Extracted information:
__________

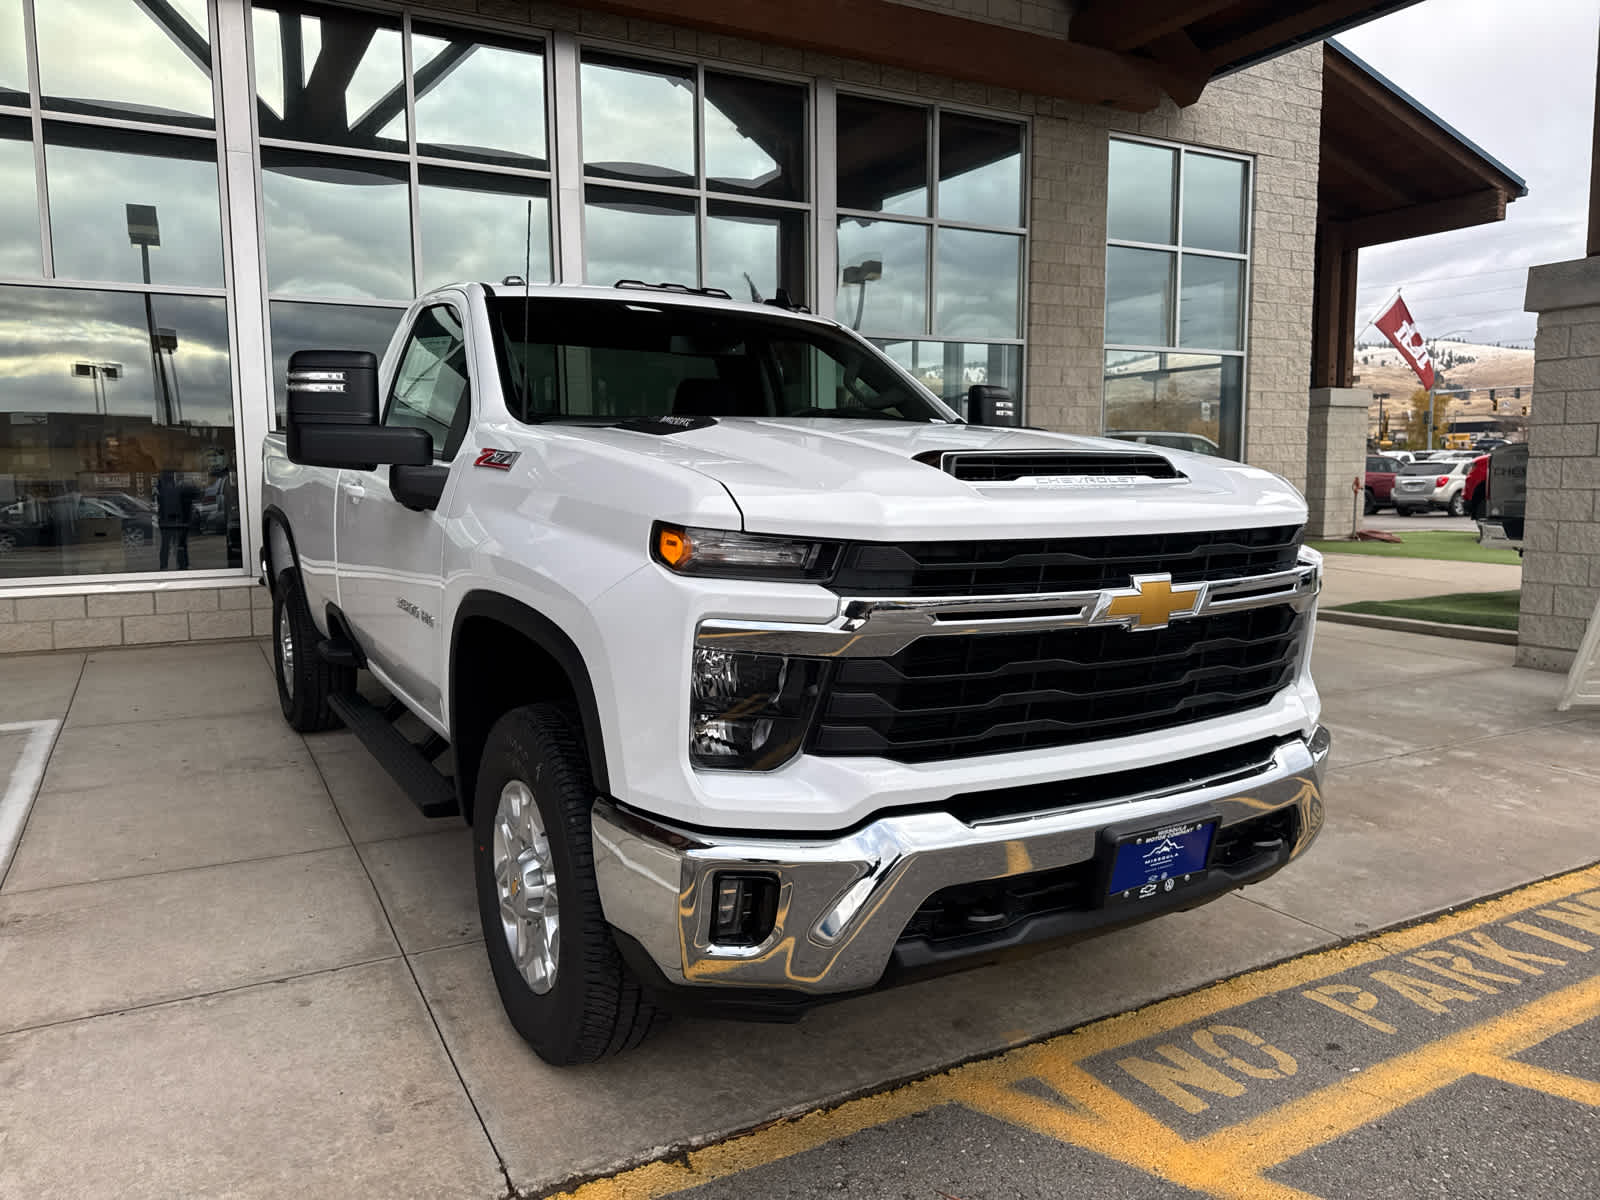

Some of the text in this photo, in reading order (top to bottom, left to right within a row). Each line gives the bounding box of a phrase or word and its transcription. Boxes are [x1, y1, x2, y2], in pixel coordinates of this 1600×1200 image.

[473, 448, 521, 471] Z71
[1035, 476, 1137, 485] CHEVROLET
[1116, 1024, 1298, 1115] NO
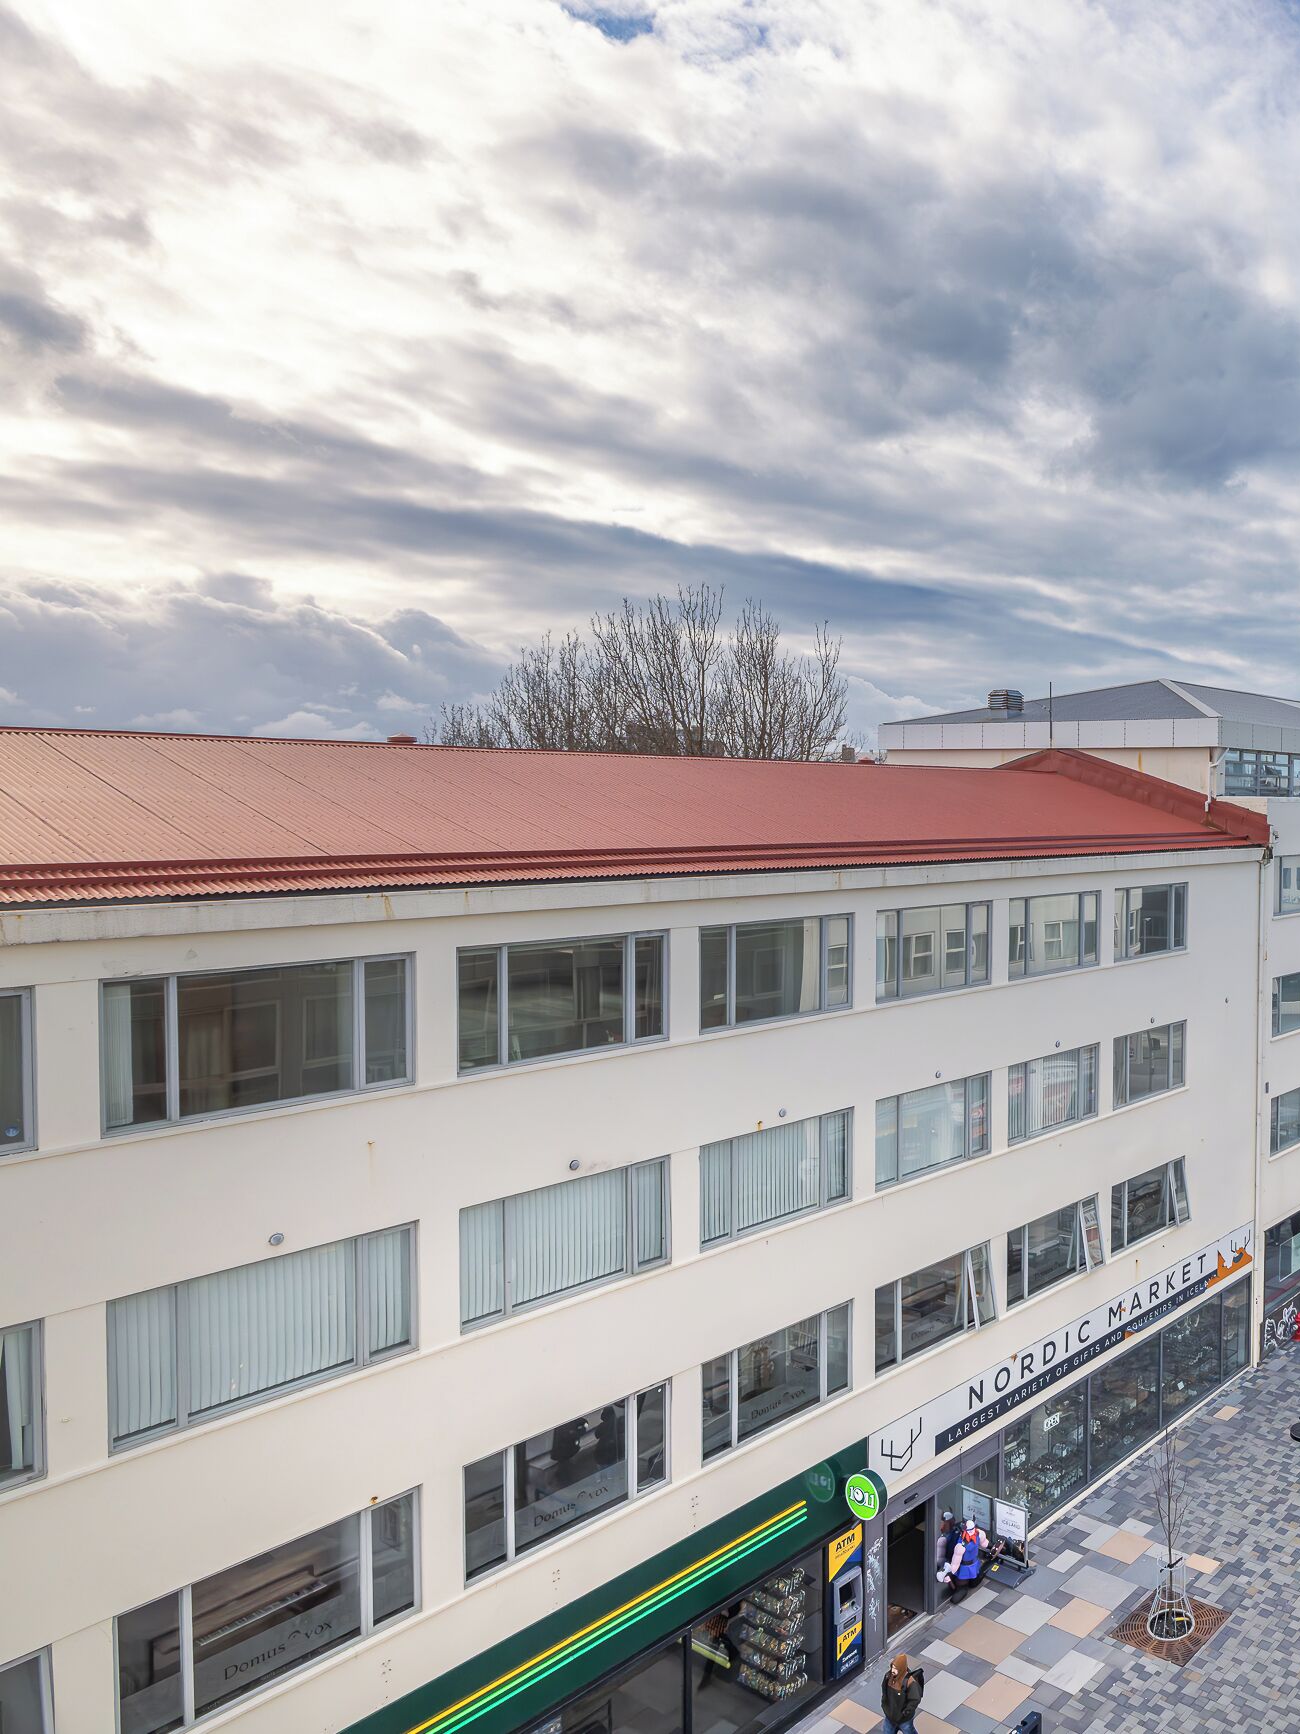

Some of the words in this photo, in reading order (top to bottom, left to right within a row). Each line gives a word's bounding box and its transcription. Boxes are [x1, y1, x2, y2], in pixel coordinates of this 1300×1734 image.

[968, 1320, 1090, 1410] NORDIC
[1108, 1253, 1207, 1328] MARKET
[948, 1404, 1000, 1442] LARGEST
[1006, 1374, 1051, 1406] VARIETY
[1055, 1363, 1068, 1377] OF
[1073, 1344, 1100, 1366] GIFTS
[1104, 1331, 1122, 1347] AND
[1126, 1301, 1172, 1332] SOUVENIRS
[1175, 1295, 1184, 1304] IN
[751, 1399, 782, 1419] Domus
[1045, 1413, 1059, 1430] OPEN
[534, 1503, 576, 1527] Domus
[588, 1486, 609, 1500] vox
[835, 1532, 855, 1552] ATM
[842, 1627, 857, 1642] ATM
[224, 1643, 286, 1680] Domus
[304, 1621, 333, 1640] vox

__________

Problem to work on:
Omit the pictures, then copy out all the data exactly as it stands.

Answer area:
Some of the text in this photo, in reading order (top to bottom, left to right within a row). Each line gives the bounding box of a phrase or word and its transcription. Boxes are [x1, y1, x2, y2], in pixel coordinates of this 1600×1200 image.

[473, 448, 521, 471] Z71
[1035, 476, 1137, 485] CHEVROLET
[1116, 1024, 1298, 1115] NO

Some of the words in this photo, in reading order (top to bottom, left to right within a row). Each line gives a word's bounding box and its transcription. Boxes are [x1, y1, x2, y2], in pixel coordinates of this 1300×1734 image.

[968, 1320, 1090, 1410] NORDIC
[1108, 1253, 1207, 1328] MARKET
[948, 1404, 1000, 1442] LARGEST
[1006, 1374, 1051, 1406] VARIETY
[1055, 1363, 1068, 1377] OF
[1073, 1344, 1100, 1366] GIFTS
[1104, 1331, 1122, 1347] AND
[1126, 1301, 1172, 1332] SOUVENIRS
[1175, 1295, 1184, 1304] IN
[751, 1399, 782, 1419] Domus
[1045, 1413, 1059, 1430] OPEN
[534, 1503, 576, 1527] Domus
[588, 1486, 609, 1500] vox
[835, 1532, 855, 1552] ATM
[842, 1627, 857, 1642] ATM
[224, 1643, 286, 1680] Domus
[304, 1621, 333, 1640] vox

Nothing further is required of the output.